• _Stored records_
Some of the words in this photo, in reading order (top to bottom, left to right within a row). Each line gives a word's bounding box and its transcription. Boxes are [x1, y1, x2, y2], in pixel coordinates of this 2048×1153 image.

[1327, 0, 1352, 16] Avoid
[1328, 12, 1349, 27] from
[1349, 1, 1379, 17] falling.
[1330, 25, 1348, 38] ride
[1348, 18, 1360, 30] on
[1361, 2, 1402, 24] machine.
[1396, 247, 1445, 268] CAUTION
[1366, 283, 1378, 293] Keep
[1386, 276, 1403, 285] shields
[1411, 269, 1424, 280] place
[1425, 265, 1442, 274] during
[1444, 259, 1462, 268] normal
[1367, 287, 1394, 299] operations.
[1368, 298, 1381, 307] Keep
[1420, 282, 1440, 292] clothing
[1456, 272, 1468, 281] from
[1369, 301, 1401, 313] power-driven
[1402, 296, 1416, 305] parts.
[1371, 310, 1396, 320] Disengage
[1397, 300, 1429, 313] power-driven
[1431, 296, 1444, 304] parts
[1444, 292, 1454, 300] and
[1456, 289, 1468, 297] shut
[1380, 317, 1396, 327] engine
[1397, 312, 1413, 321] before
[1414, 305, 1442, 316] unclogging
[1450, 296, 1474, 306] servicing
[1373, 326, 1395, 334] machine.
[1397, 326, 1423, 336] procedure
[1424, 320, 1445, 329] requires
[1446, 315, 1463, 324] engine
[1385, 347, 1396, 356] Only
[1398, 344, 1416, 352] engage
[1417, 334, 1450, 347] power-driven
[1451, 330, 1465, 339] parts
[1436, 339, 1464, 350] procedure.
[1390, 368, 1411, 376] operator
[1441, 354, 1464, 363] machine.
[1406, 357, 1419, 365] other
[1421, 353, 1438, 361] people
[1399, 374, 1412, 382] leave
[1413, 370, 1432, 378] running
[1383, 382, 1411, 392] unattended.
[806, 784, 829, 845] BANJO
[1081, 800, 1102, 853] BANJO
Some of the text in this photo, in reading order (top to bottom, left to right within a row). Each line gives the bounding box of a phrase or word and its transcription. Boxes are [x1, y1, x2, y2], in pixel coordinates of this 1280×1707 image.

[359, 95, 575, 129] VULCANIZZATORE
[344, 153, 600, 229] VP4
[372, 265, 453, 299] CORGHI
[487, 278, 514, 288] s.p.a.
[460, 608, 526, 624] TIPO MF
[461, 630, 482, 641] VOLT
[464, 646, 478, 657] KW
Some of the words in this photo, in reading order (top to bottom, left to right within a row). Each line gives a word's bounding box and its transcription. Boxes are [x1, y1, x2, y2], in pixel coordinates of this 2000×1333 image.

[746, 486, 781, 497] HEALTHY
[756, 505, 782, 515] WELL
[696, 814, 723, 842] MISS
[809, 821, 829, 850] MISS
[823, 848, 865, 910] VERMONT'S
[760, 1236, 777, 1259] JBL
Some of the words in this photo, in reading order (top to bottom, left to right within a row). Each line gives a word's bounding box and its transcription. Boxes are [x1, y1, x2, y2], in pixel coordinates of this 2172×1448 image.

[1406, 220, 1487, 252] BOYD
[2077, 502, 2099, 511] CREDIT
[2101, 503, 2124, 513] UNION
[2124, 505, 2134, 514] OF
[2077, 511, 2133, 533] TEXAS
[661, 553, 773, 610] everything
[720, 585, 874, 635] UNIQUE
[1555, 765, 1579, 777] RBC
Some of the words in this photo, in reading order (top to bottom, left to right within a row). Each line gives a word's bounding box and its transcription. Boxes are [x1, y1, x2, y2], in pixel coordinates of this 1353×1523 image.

• _Work order_
Please repeat every entry, exactly as it was written.

• _Answer space_
Some of the words in this photo, in reading order (top to bottom, left to right within a row). Each line gives a word's bounding box and its transcription. Boxes are [x1, y1, x2, y2], in pixel coordinates of this 2048×1153 image.

[1327, 0, 1352, 16] Avoid
[1328, 12, 1349, 27] from
[1349, 1, 1379, 17] falling.
[1330, 25, 1348, 38] ride
[1348, 18, 1360, 30] on
[1361, 2, 1402, 24] machine.
[1396, 247, 1445, 268] CAUTION
[1366, 283, 1378, 293] Keep
[1386, 276, 1403, 285] shields
[1411, 269, 1424, 280] place
[1425, 265, 1442, 274] during
[1444, 259, 1462, 268] normal
[1367, 287, 1394, 299] operations.
[1368, 298, 1381, 307] Keep
[1420, 282, 1440, 292] clothing
[1456, 272, 1468, 281] from
[1369, 301, 1401, 313] power-driven
[1402, 296, 1416, 305] parts.
[1371, 310, 1396, 320] Disengage
[1397, 300, 1429, 313] power-driven
[1431, 296, 1444, 304] parts
[1444, 292, 1454, 300] and
[1456, 289, 1468, 297] shut
[1380, 317, 1396, 327] engine
[1397, 312, 1413, 321] before
[1414, 305, 1442, 316] unclogging
[1450, 296, 1474, 306] servicing
[1373, 326, 1395, 334] machine.
[1397, 326, 1423, 336] procedure
[1424, 320, 1445, 329] requires
[1446, 315, 1463, 324] engine
[1385, 347, 1396, 356] Only
[1398, 344, 1416, 352] engage
[1417, 334, 1450, 347] power-driven
[1451, 330, 1465, 339] parts
[1436, 339, 1464, 350] procedure.
[1390, 368, 1411, 376] operator
[1441, 354, 1464, 363] machine.
[1406, 357, 1419, 365] other
[1421, 353, 1438, 361] people
[1399, 374, 1412, 382] leave
[1413, 370, 1432, 378] running
[1383, 382, 1411, 392] unattended.
[806, 784, 829, 845] BANJO
[1081, 800, 1102, 853] BANJO
Some of the text in this photo, in reading order (top to bottom, left to right within a row). Each line gives the bounding box of a phrase or word and its transcription. Boxes are [x1, y1, x2, y2], in pixel coordinates of this 1280×1707 image.

[359, 95, 575, 129] VULCANIZZATORE
[344, 153, 600, 229] VP4
[372, 265, 453, 299] CORGHI
[487, 278, 514, 288] s.p.a.
[460, 608, 526, 624] TIPO MF
[461, 630, 482, 641] VOLT
[464, 646, 478, 657] KW
Some of the words in this photo, in reading order (top to bottom, left to right within a row). Each line gives a word's bounding box and its transcription. Boxes are [x1, y1, x2, y2], in pixel coordinates of this 2000×1333 image.

[746, 486, 781, 497] HEALTHY
[756, 505, 782, 515] WELL
[696, 814, 723, 842] MISS
[809, 821, 829, 850] MISS
[823, 848, 865, 910] VERMONT'S
[760, 1236, 777, 1259] JBL
Some of the words in this photo, in reading order (top to bottom, left to right within a row). Each line gives a word's bounding box and its transcription. Boxes are [x1, y1, x2, y2], in pixel coordinates of this 2172×1448 image.

[1406, 220, 1487, 252] BOYD
[2077, 502, 2099, 511] CREDIT
[2101, 503, 2124, 513] UNION
[2124, 505, 2134, 514] OF
[2077, 511, 2133, 533] TEXAS
[661, 553, 773, 610] everything
[720, 585, 874, 635] UNIQUE
[1555, 765, 1579, 777] RBC
Some of the words in this photo, in reading order (top to bottom, left to right within a row). Each line gives a word's bounding box and its transcription. Boxes are [x1, y1, x2, y2], in pixel coordinates of this 1353×1523 image.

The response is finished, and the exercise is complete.